Its two profit warnings came despite a UK sales volume rise of 89 per cent in the three months to May 31. Today it revealed that volumes in Britain had fallen by 45 per cent in July, adding that it expected a knock-on effect on sales into August.
C&C said that it was also under pressure from rivals including Scottish & Newcastle, which relaunched Bulmers Original, another "over-ice" cider, last year. It admitted that it had probably underestimated the impact of competition. However, it insisted it would not be cutting its price to pub companies and retail customers as this risked damaging the Magners brand's premium positioning.
Today, C&C said that its trading performance deteriorated at an unexpected rate during the second half of July and it expects interim operating profit to fall by around 35 per cent on the previous year.

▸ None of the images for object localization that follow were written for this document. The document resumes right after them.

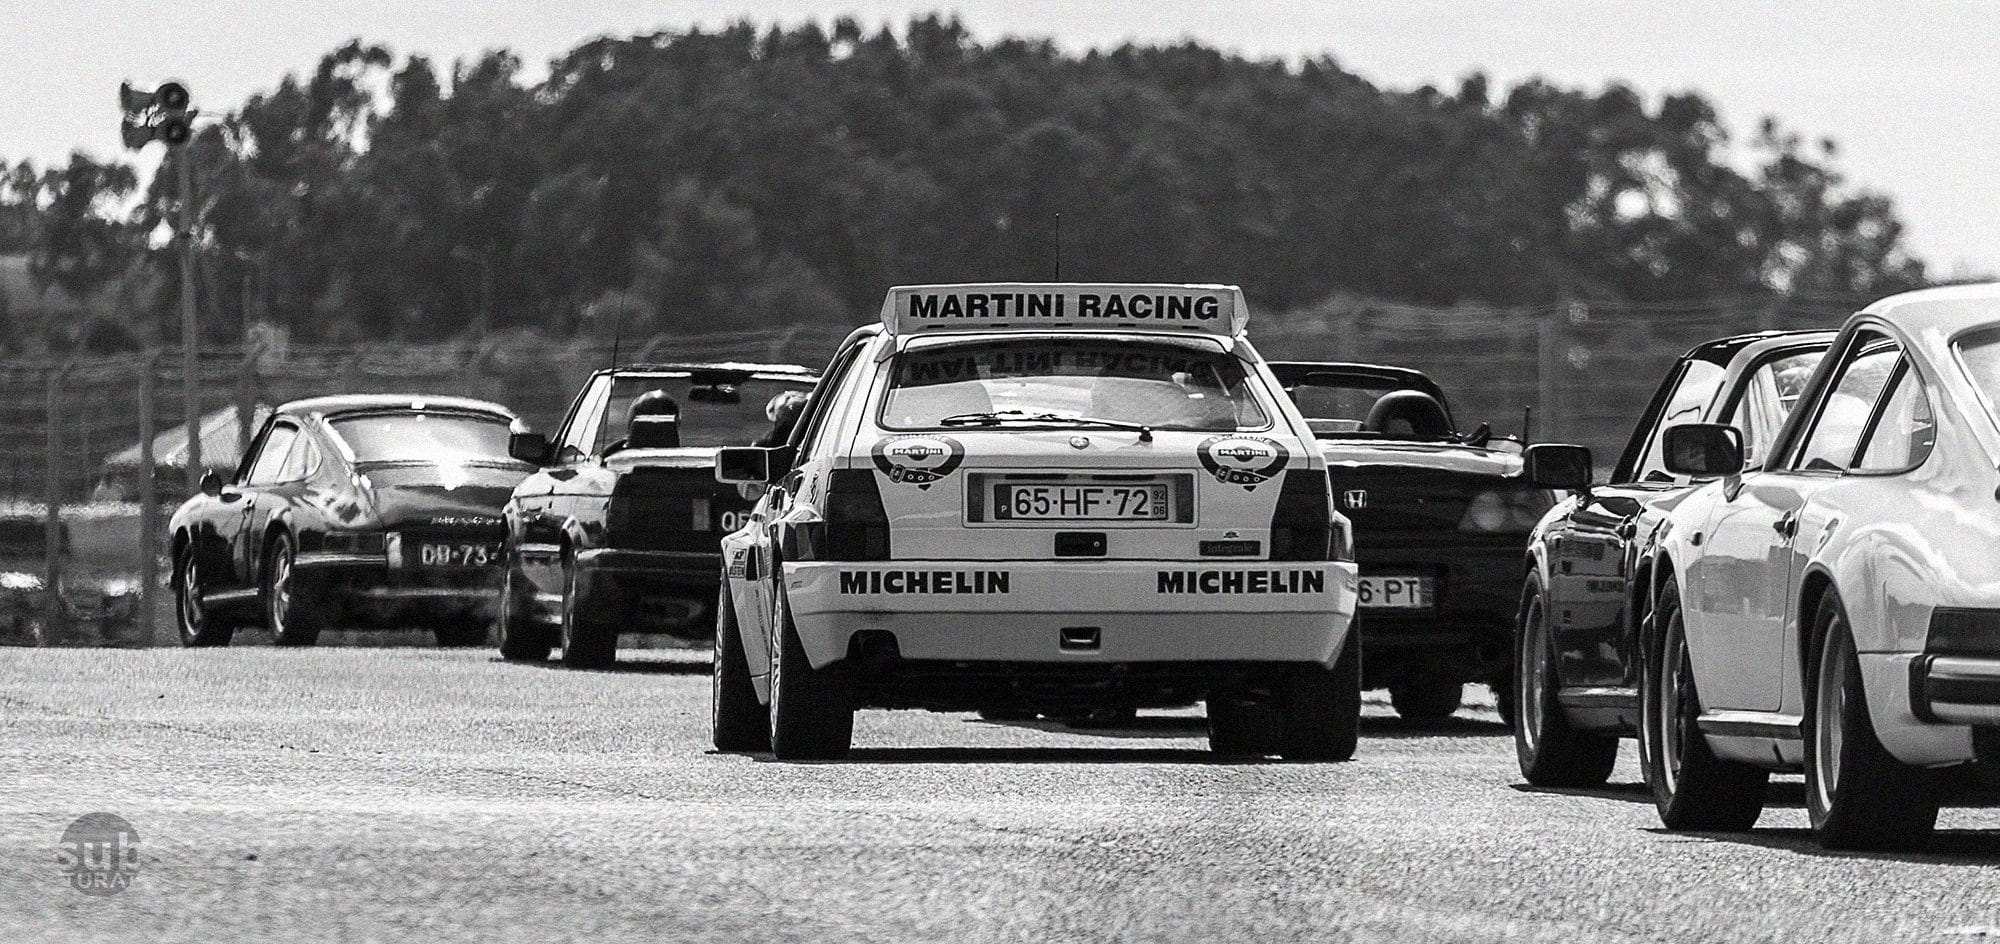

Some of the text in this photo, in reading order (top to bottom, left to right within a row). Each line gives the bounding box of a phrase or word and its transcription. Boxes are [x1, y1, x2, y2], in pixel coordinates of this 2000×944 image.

[909, 293, 1219, 320] MARTINI RACING
[1153, 490, 1165, 501] 92
[1001, 504, 1008, 513] P
[1153, 505, 1165, 515] 06
[840, 571, 1010, 594] MICHELIN
[1157, 570, 1324, 594] MICHELIN

It added that overall cider volumes for July, including sales in Ireland, were down 30 per cent on the same month last year, when the UK basked in the sun. It estimated that full-year volumes would show a fall of about 2 per cent.
“The impact of the extremely poor weather on summer recruitment [of new drinkers], together with increased competition, leaves a degree of uncertainty in respect of the outlook for the second half year for the cider division,” it said today.
The group also attributed the expected slump in operating profit to substantially higher manufacturing and marketing costs. It said that although it would be maintaining marketing spend, it would be cutting costs, involving some redundancies at its plant in Clonmel, where it is spending €200 million expanding capacity.
Analysts said the two profit warnings and lack of visibility over future earnings had called into question both management's credibility and the company's future. However, Mr Pratt insisted: "We believe the model is intact."
The group's finance director, Brendan Dwan, said: "The interim dividend will be maintained. We will review the final dividend towards the end of the year."
Last year, C&C reported operating profit growth of 77 per cent, to €212.6 million, on sales up 27 per cent to €981.4 million.